I'd agree with that. But the thing is, I also feel that a lot of this disrespect is totally fair. Why? Because your average joe flourisher isn't doing anything. One cut looks the same as the next, it's not interesting, it's not well thought out, it's not done for any particular reason except because we think it looks cool and cool people like D&D are good at it.
The reason I asked for the difference between card juggling and flourishing is this: Many people I've heard would say the flourishing is more than mere card juggling - it's an art, etc.
And I laugh, and ask, How on earth is that an art?
As I have mentioned in the past, I know one person personally who makes flourishing an art - one single person out of two to three dozen people I know who flourish.
I went to a jam today, and after two or three hours, I was bored, because I felt like what I was doing and what we were doing was completely mundane.
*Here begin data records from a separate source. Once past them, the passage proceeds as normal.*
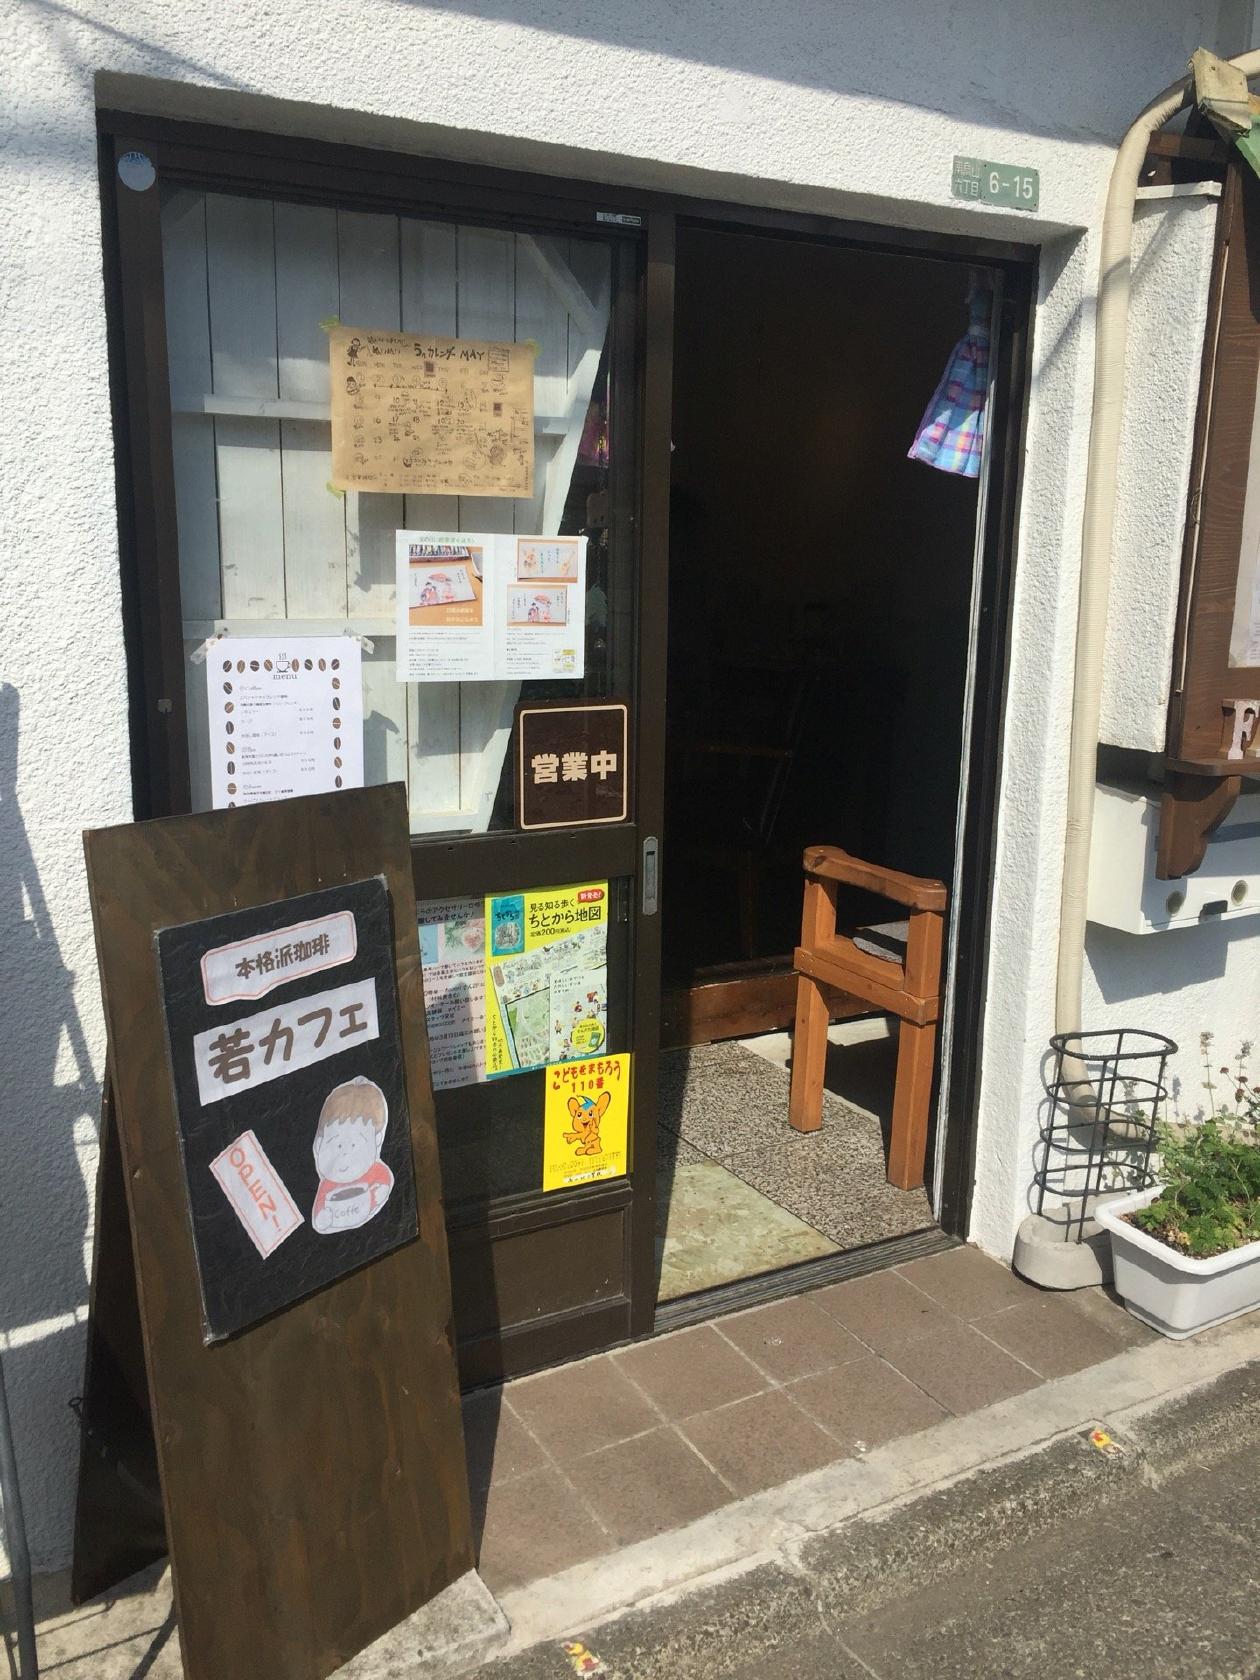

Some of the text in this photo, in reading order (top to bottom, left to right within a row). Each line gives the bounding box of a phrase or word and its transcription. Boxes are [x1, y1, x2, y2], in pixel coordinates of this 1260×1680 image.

[989, 171, 1033, 199] 6-15
[460, 349, 486, 361] MAY
[531, 750, 617, 784] 営業中
[529, 906, 601, 928] ちとから地図
[530, 898, 575, 913] 見る知る歩く
[235, 933, 330, 979] 本格派珈琲
[208, 1002, 368, 1084] 若カフェ
[553, 1061, 621, 1091] こどもをまもろう
[571, 1077, 604, 1093] 110番
So I've started thinking of ways to make it more interesting and useful.
Sitting there doing endless two handed cuts which, for all intents and purpose, look the same (and yes, I do know flourishing reasonably well, it's not just because I don't know anything - although this raises the question of what spectators see), is not an art.
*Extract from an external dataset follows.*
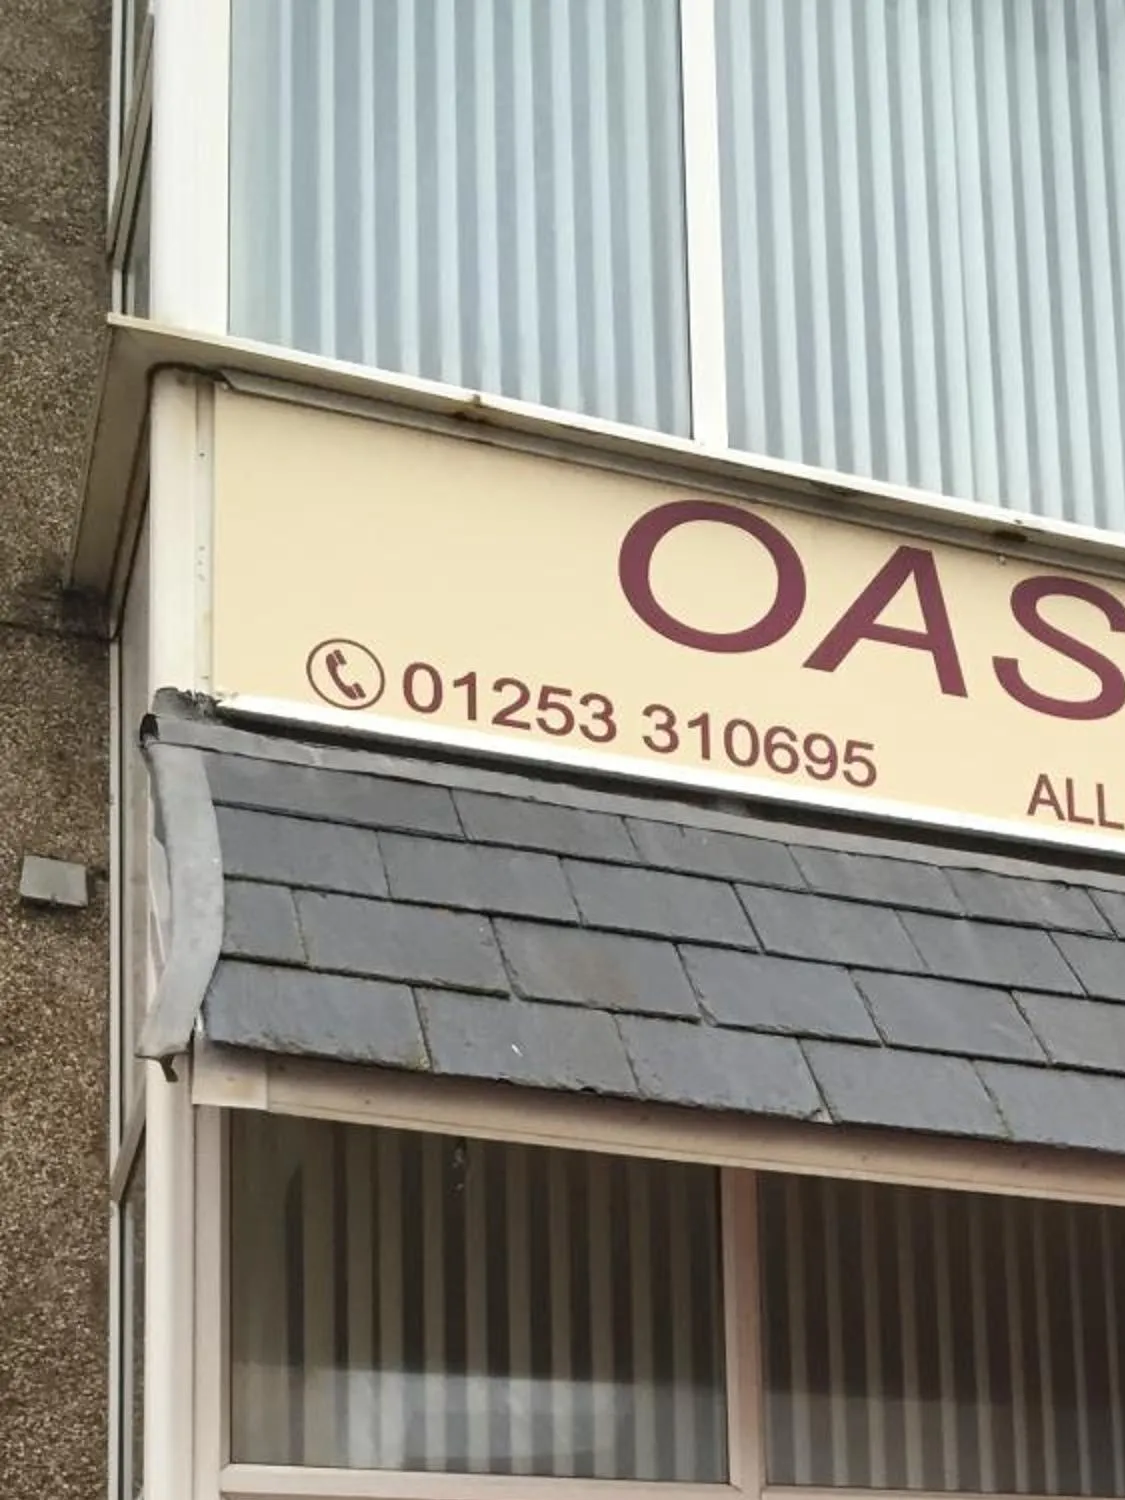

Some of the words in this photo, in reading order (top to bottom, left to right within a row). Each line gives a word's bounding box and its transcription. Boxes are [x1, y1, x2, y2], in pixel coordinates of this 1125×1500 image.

[402, 661, 617, 743] 01253
[642, 703, 878, 788] 310695
[1027, 772, 1125, 831] ALL
When I talk to my friend about flourishing, he looks at a flourish, and he says something along the lines of, "It's nice... But I don't really like it because it doesn't go anywhere. There's no further development possible, nothing I can build up on or extend further." Which is interesting - cause it's fast and has lots of packets - but that by itself describes 95% of flourishes. Then he looks at something else and says "I'm much more excited about this though - check this out. I've been working on this concept for a few weeks, look what I've developed" - and what he's developed, that is Art. Not this random generic crap, but he tries to do stuff with flourishing. Just as, in magic, it is Deadly to become generic (a reference to Peter Brook's Deadly Theatre, in case anyone's read The Empty Space). People get criticised for it all the time. Why then are we allowed to be generic in flourishing, if so many people want to tout flourishing as an equally respectable thing as magic?
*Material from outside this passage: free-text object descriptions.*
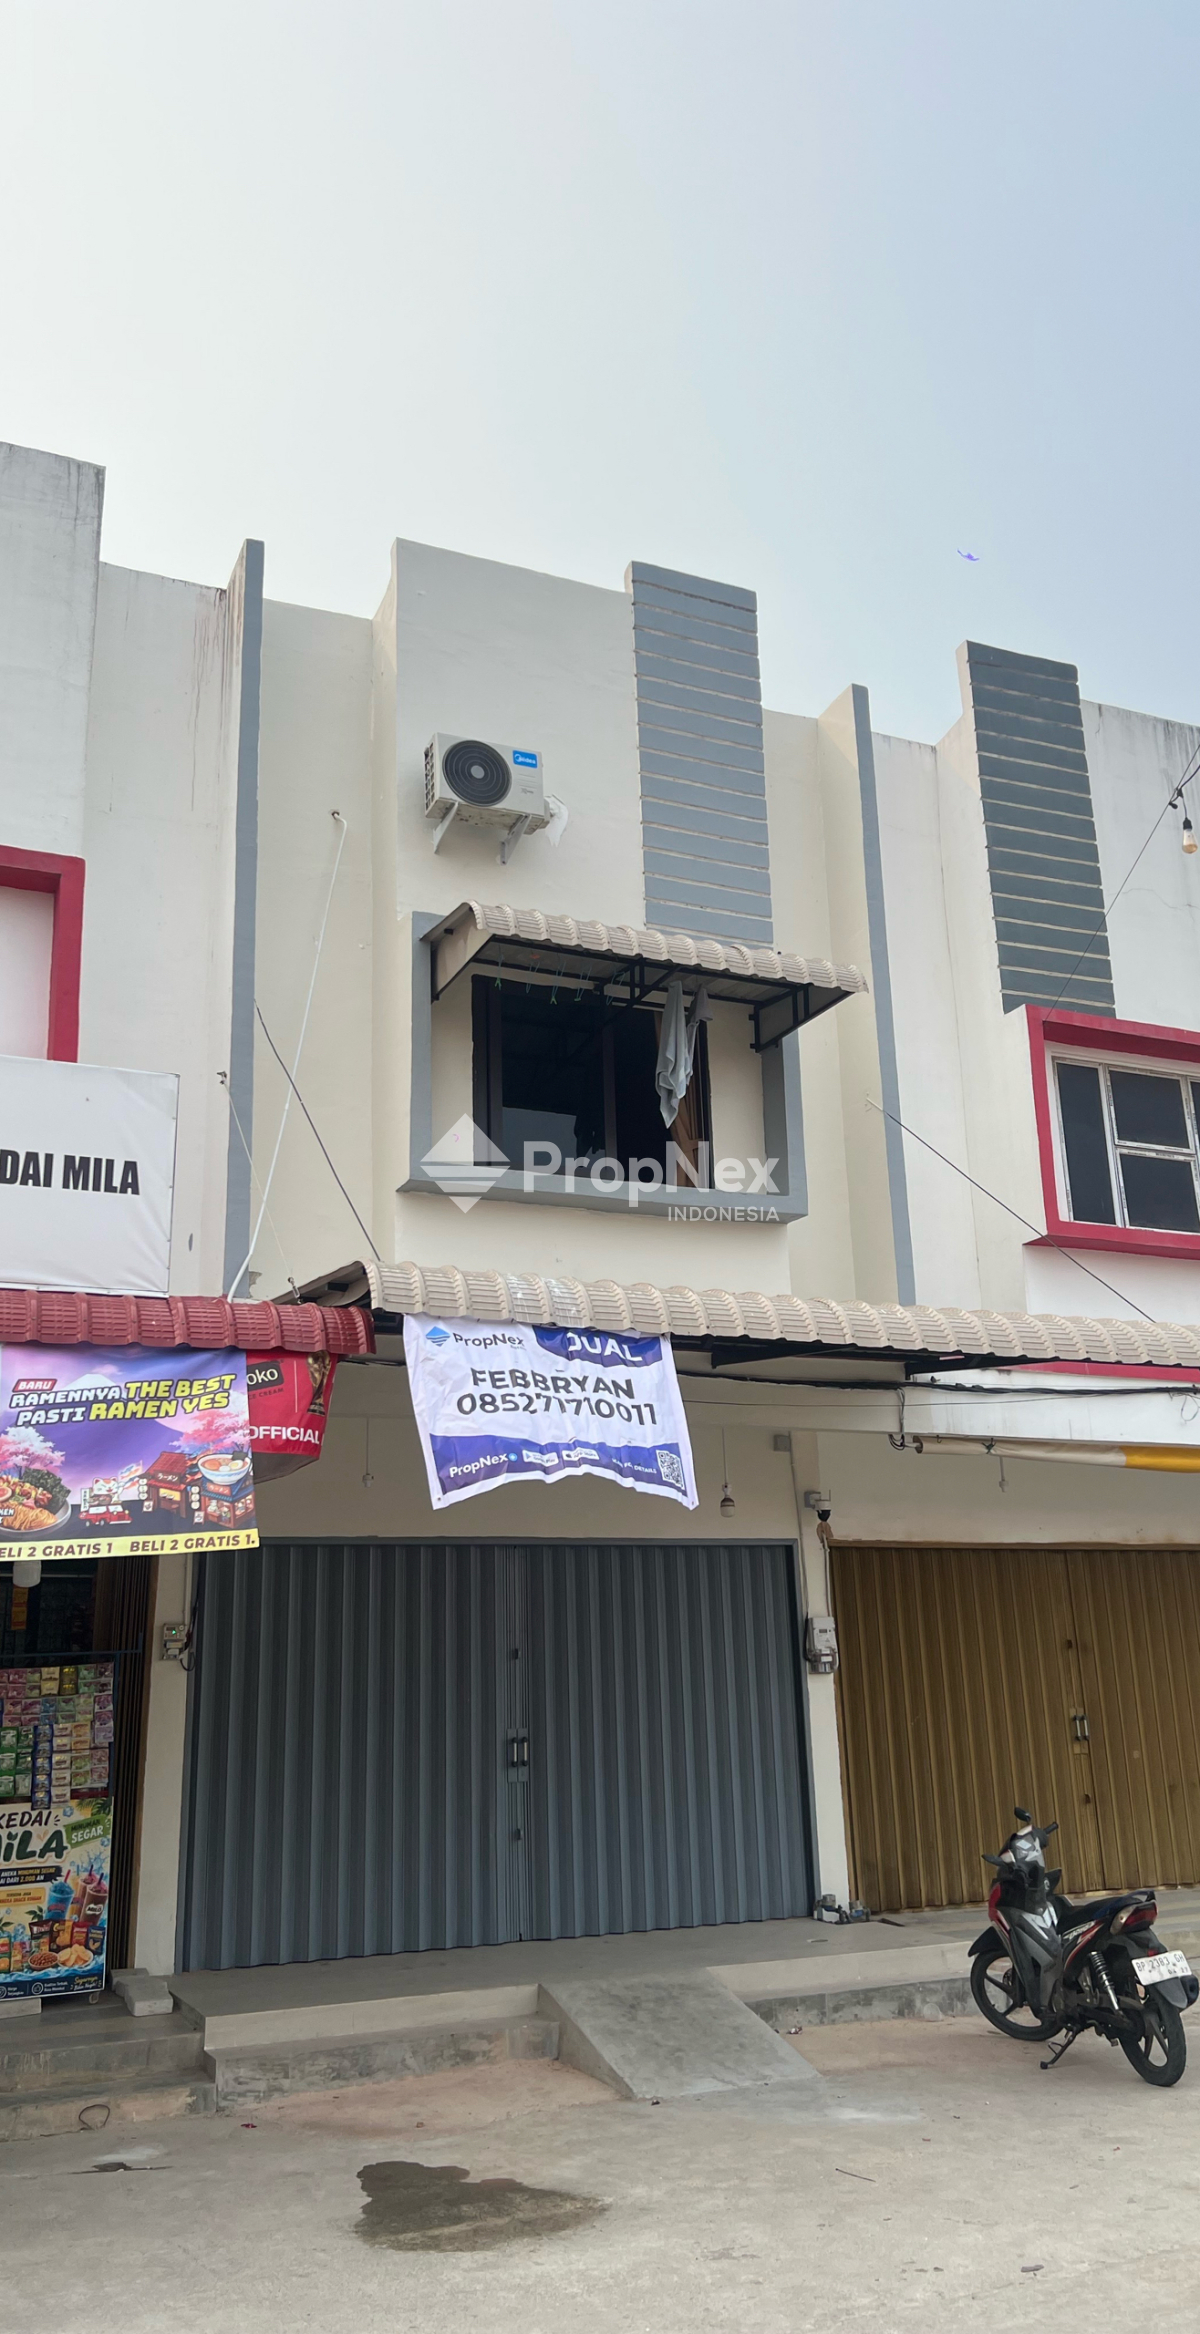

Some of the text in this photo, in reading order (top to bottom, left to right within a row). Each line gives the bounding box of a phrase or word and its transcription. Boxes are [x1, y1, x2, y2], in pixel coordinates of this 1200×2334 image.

[62, 1154, 140, 1195] MILA
[453, 1332, 525, 1350] PropNex
[10, 1374, 236, 1408] RAMENNYA THE BEST
[18, 1381, 52, 1390] BARU
[470, 1367, 636, 1400] FEBBRYAN
[16, 1392, 229, 1426] PASTI RAMEN YES
[250, 1426, 320, 1445] OFFICIAL
[449, 1453, 509, 1478] PropNex
[27, 1546, 37, 1557] 2
[42, 1543, 102, 1557] GRATIS
[106, 1542, 113, 1553] 1
[129, 1540, 166, 1552] BELI
[169, 1539, 179, 1551] 2
[184, 1535, 241, 1550] GRATIS
[71, 1825, 104, 1844] SEGAR
The truth is, it is that, in the hands of those most capable, but it is not that in 95% of flourishers who sit there and do nothing.
One other quick thing I want to address. Flourishing has often been condescendingly called masturbation with cards. Well, honestly, I don't see the problem with masturbating, I really don't. If it makes you happy - how is it different from collecting stamps, or other such pasttimes?
Flourishing has never been something I'm naturally skilled at, nor will it ever come close to my magic in terms of love or importance. I like it to a point, which is why I learn some flourishes. But for me, it's a curiosity, a passing show of impressive decksterity I show my magician friends and occasionally laymen friends. My focus is my magic.
It's those that claim to be more than "mere juggling", who claim that flourishing is "an art", but don't live up to these claims, and don't make any attempt to live up to these claims, but rather are quite happy to wallow in mediocrity and claim greatness (including, largely, implicitly so), which annoy me.
It reminds me of Steerpike's topic: It's fine that you're not artists, as long as you don't call yourselves artists. One more little thing to add here, as I'm sure someone will think or say this: No, not everyone goes around consciously believing or saying to themselves that they are artists, that they are great, doing something high and mighty, etc. But I do feel that this mentality is, even at a subconscious, implicity level, active in much of flourishing.
Finally, to come back to what squ!rrel was saying: I do agree that juggling is most often a condescending term used unfairly in the sense that it is often applied as a stereotype to all flourishers regardless of skill, a blanket statement over this form of manipulation. I do however believe that it is fair in another sense, in the sense that the huge majority of "flourishers", fulfill this stereotype, whilst insisting on something greater.